**Your goal**
In your transcription, keep every record exact and leave out the pictures.

[Data records]

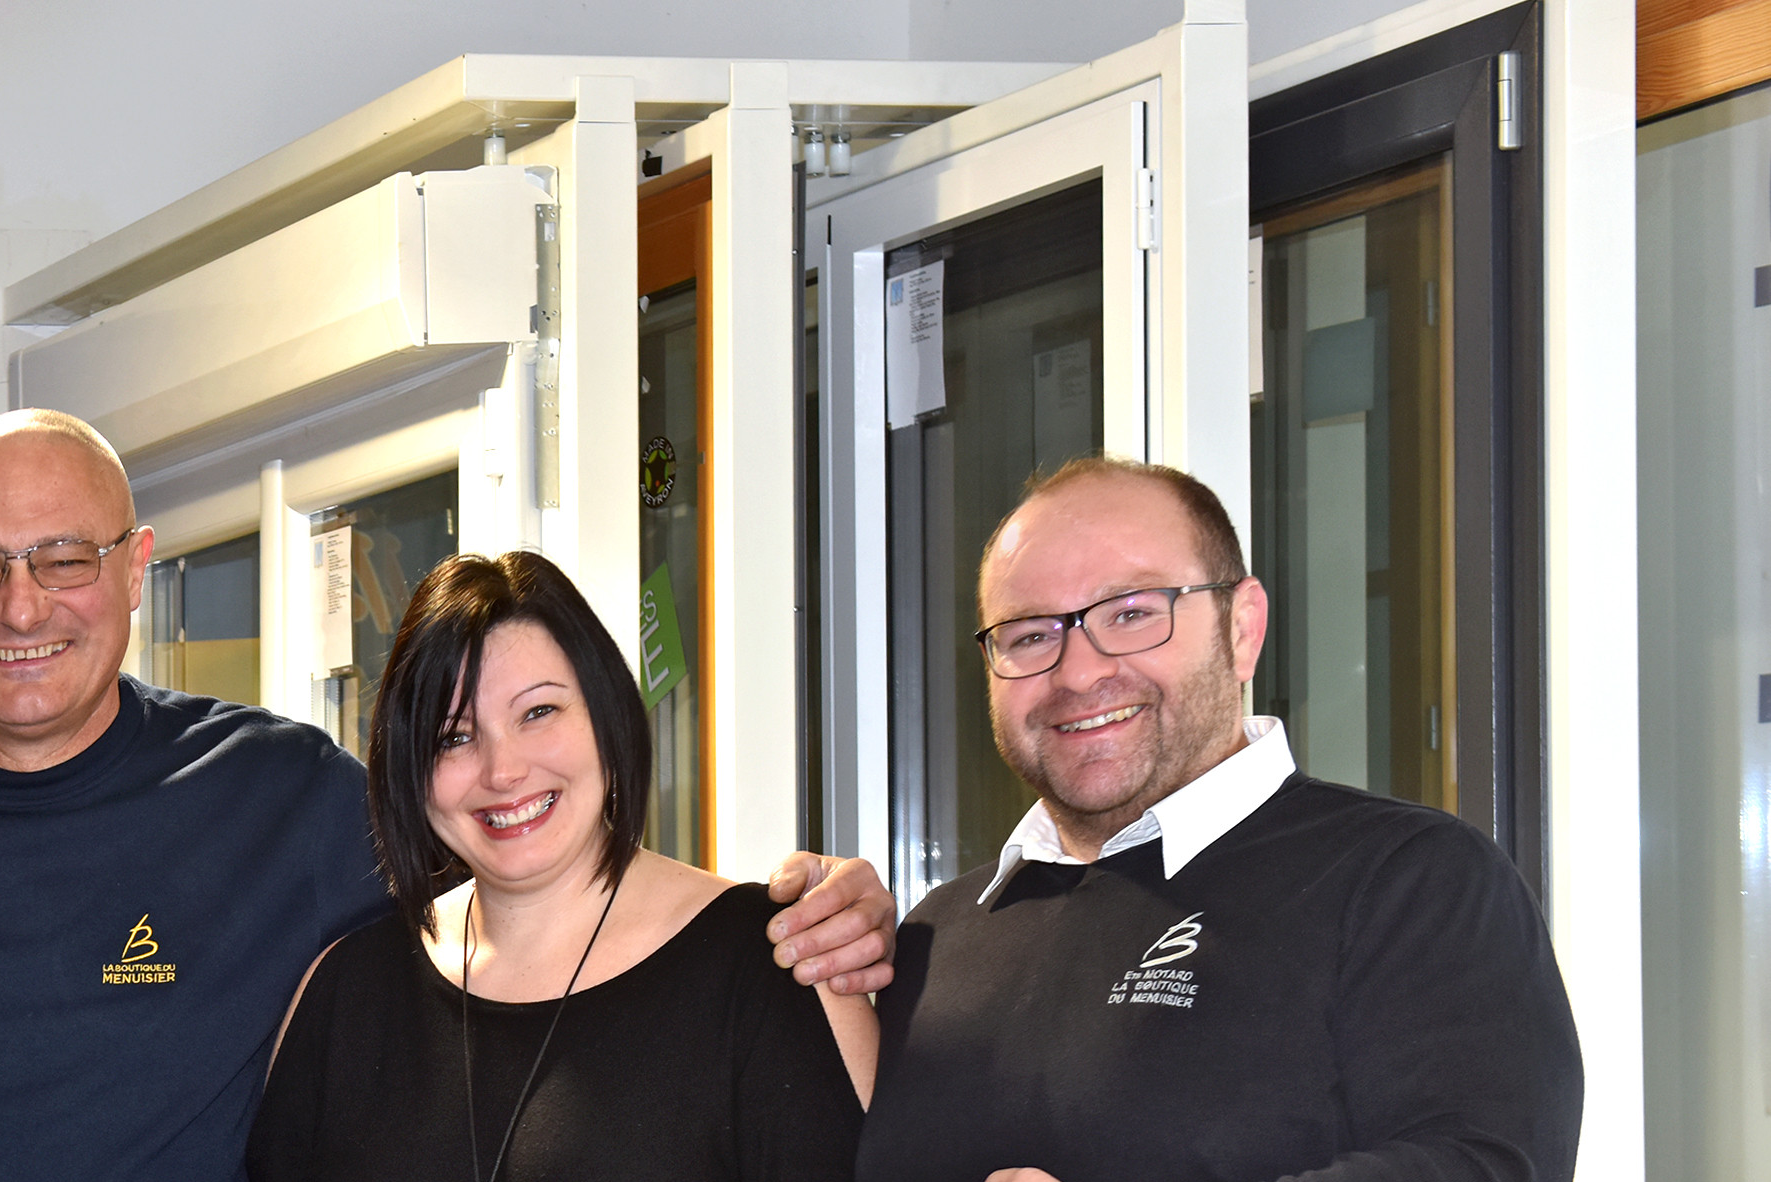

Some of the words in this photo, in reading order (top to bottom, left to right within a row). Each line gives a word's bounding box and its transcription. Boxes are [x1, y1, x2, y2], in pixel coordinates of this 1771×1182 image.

[642, 439, 665, 463] MADE
[102, 963, 114, 972] LA
[115, 963, 163, 973] BOUTIQUE
[162, 963, 176, 972] DU
[102, 972, 176, 984] MENUISIER
[1142, 969, 1194, 982] MOTARD
[1111, 982, 1128, 992] LA
[1134, 981, 1200, 995] BOUTIQUE
[1107, 993, 1126, 1004] DU
[1129, 992, 1195, 1009] MENUISIER
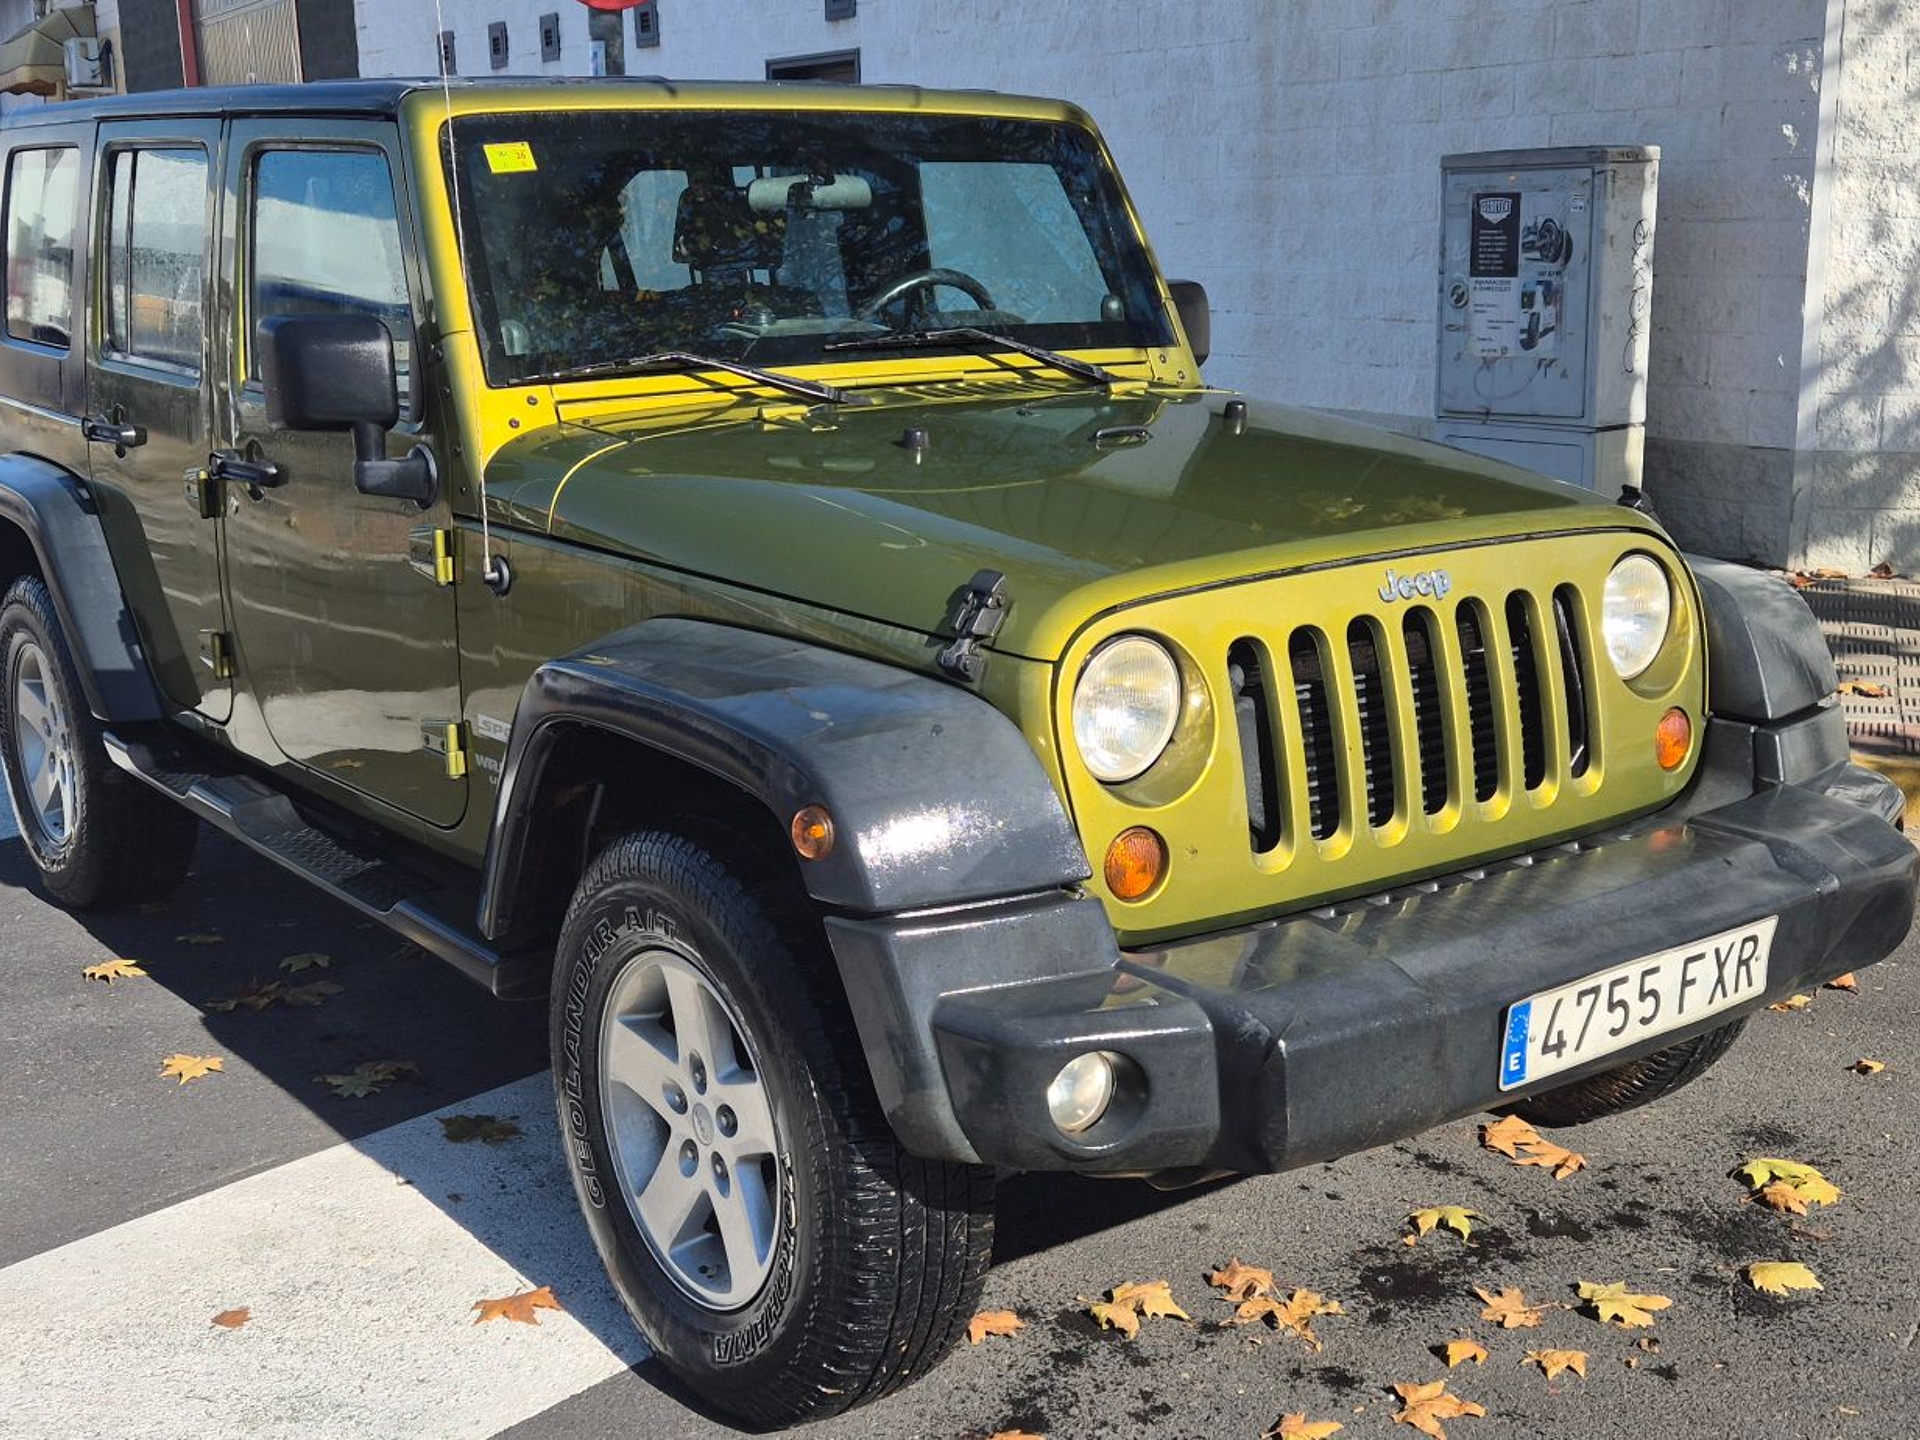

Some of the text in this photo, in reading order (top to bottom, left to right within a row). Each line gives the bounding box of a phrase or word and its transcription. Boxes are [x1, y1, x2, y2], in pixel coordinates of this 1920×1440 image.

**Exercise answer**
Some of the words in this photo, in reading order (top to bottom, left to right within a row). Each line gives a word's bounding box and its transcription. Boxes are [x1, y1, x2, y2], in pixel coordinates of this 1771×1182 image.

[642, 439, 665, 463] MADE
[102, 963, 114, 972] LA
[115, 963, 163, 973] BOUTIQUE
[162, 963, 176, 972] DU
[102, 972, 176, 984] MENUISIER
[1142, 969, 1194, 982] MOTARD
[1111, 982, 1128, 992] LA
[1134, 981, 1200, 995] BOUTIQUE
[1107, 993, 1126, 1004] DU
[1129, 992, 1195, 1009] MENUISIER

Some of the text in this photo, in reading order (top to bottom, left to right within a row). Each line gives the bounding box of a phrase or word and its transcription. Boxes are [x1, y1, x2, y2], in pixel coordinates of this 1920×1440 image.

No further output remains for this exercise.